This week’s readings brought me back to my time teaching in Egypt, during the election of Morsi and the coup the following summer that put him out of power. Though my Internet access was limited both summers–largely relegated to communal computers and one dodgy PC in the prep room–I often tried to check in with Twitter.
My second summer, the day of the military takeover, a few tweets entered the stream about tanks in Cairo and the Presidential Palace. I saw journalists and activists positing frantically, while others were trying to get confirmation. No one knew what was happening. For a few days, protestors for Tamarod had taken to the streets against Morsi. Meetings both with and without Morsi went on amid these protests. For my part, the seminary where I was teaching was on lock down, preventing anyone from coming or going without approval. So beyond the nightly sounds of protestors gathering for nearby hot spots, Twitter was my only window–or “stream”–on the action.
I felt surreal during the take sightings. Seeing the news pour in on “real time.” None of the networks had anything, but across Twitter, people were mobilized and locked in.
The memory was significant but largely on the back burner, with grad school taking first seat. This changed somewhat last semester, when I went to a conference and heard Zizi Papacharissi discuss her work with Egypt and Twitter and the “affective publics” she saw influencing the January 25 Revolution. By current standards, the sample-size was small–which she admitted–but the insight about the role of affect in public discourse proved significant.
Around the same time, in a digital humanities class, we were discussing sentiment analysis alongside other big data analysis. Primarily discussing DICTION–as that was the tool in the readings–we all were kind of skeptical about the sort of qualitative claims made from somewhat quantitative methods–like counting the number of “happy” phrases. Moreover, we were also skeptical about the “bag of words” approach that reduces the syntax of the material.

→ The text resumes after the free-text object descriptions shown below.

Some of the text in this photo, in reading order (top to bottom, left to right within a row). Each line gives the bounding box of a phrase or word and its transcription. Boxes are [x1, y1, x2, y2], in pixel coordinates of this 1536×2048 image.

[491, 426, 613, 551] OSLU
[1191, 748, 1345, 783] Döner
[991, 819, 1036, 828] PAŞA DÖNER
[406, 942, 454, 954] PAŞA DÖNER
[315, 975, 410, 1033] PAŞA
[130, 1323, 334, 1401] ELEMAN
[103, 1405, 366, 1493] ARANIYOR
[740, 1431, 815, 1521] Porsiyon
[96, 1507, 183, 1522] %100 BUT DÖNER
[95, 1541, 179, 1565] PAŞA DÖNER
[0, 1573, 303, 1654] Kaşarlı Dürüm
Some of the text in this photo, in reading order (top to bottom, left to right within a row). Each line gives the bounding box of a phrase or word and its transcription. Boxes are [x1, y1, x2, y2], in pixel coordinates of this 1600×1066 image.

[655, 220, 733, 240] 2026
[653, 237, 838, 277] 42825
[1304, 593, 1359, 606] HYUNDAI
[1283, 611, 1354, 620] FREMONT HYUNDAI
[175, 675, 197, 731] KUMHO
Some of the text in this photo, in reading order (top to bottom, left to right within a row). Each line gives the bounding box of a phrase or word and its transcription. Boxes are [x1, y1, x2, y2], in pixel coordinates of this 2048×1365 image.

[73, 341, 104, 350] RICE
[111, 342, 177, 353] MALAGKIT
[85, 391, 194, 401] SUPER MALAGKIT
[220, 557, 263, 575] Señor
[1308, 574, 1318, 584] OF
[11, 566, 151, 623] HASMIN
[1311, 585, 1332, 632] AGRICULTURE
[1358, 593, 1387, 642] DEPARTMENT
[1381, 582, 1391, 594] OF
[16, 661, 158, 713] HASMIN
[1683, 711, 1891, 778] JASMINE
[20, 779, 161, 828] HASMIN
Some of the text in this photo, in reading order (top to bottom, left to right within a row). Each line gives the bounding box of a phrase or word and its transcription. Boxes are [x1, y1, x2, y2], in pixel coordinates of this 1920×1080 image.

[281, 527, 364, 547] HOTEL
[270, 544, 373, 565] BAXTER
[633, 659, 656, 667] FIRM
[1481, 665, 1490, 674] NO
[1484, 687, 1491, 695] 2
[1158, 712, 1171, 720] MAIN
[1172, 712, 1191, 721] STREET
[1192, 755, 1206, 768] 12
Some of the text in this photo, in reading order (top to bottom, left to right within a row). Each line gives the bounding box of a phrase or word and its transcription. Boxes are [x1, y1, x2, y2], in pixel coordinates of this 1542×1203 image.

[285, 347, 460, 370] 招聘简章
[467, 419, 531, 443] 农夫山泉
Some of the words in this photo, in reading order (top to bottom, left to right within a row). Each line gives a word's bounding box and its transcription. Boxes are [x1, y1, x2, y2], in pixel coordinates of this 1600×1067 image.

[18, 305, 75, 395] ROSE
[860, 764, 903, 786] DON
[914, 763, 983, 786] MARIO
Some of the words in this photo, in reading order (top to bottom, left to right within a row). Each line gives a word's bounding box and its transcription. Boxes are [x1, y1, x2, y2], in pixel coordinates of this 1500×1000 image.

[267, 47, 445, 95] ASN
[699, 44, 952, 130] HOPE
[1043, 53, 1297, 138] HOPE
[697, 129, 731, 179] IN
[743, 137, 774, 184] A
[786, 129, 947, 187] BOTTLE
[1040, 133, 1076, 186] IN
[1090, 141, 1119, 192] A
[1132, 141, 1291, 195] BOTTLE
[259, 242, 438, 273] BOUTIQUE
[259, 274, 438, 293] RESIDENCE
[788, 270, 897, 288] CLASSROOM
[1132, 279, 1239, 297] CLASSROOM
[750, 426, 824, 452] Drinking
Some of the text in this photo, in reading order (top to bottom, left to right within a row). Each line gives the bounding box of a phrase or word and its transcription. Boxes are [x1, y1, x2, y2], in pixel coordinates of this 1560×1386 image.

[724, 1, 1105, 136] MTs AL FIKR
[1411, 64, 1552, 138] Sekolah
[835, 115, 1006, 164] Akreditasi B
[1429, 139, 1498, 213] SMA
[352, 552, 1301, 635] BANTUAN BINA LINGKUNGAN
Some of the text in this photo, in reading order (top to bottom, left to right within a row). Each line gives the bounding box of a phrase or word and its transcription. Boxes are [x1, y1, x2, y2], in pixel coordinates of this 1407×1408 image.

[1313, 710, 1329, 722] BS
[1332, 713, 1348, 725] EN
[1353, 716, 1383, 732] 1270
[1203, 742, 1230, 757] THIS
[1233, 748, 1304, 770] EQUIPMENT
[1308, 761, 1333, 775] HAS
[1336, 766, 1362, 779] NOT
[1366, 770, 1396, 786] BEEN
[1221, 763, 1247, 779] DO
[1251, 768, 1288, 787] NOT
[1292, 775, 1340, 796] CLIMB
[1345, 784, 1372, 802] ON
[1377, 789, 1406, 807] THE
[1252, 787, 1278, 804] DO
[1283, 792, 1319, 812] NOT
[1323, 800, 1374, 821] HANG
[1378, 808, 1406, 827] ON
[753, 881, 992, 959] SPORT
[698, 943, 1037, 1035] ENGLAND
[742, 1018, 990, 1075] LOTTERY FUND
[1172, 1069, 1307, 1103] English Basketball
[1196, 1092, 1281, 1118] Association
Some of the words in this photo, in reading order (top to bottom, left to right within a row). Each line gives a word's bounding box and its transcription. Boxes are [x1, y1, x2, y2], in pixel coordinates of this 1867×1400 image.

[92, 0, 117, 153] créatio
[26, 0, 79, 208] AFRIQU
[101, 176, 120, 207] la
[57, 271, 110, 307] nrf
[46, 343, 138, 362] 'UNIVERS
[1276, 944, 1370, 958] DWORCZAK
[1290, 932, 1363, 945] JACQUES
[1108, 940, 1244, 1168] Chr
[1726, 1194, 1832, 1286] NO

But we were also excited. As Papacharissi–and others–have argued and shown, sentiment, affect, and other emotional qualities do seem significant in social media platforms. And since these platforms exhibit big data, traditional “by hand” coding may not do enough. So I think the key now, in the language of the class, is how one can operationalize sentiment analysis in these spaces, in light of the issues.
For this operationalizing, the readings were helpful for me. The Gaffney and Puschmann piece was broke down the materiality of Twitter. For example, I had never hear of the differences between the usual “spritzer” of Twitter and the different “hoses.” Similar to this, I learned a lot about the different APIs, the sample/filter distinctions, and the breakdown of tools.
Thelwall helped me consider the timetable of affect and sentiment, how one can sample tweets for a given length of time to measure trends. This presented a helpful reason for wanting to do this work. In a similar way, Dang-Xuan et al presents a different approach to use sentiment that still involves time, but is more concerned with the connections of sentiment to other phenomenon–here, retweets in political Twitter conversations.
These articles present contexts and examples of the when and why for this research, but did not salve my concern for the limitations in mass sentiment analysis. Fink et al. helped with this. Though I admit I was lost in the details, I appreciated the organized, focused way that he broke down and worked through the details of different subjectivities, audiences, sentiment, etc., while still acknowledging the limits. And though I did feel a bit lost, I feel like I would need to follow his approach–or at least acknowledge it–if I were to go in this direction.
Increasingly, then, I’m getting better at trying to productively think through and negotiate the scales and layers of research–the excitement of seeing Twitter alive during a coup, the skepticism with general concepts of methods, and the often complex and mundane realities of needing to operationalize. This “research” is its own way of thinking. Of “working” and writing–of being even, do to its breadth.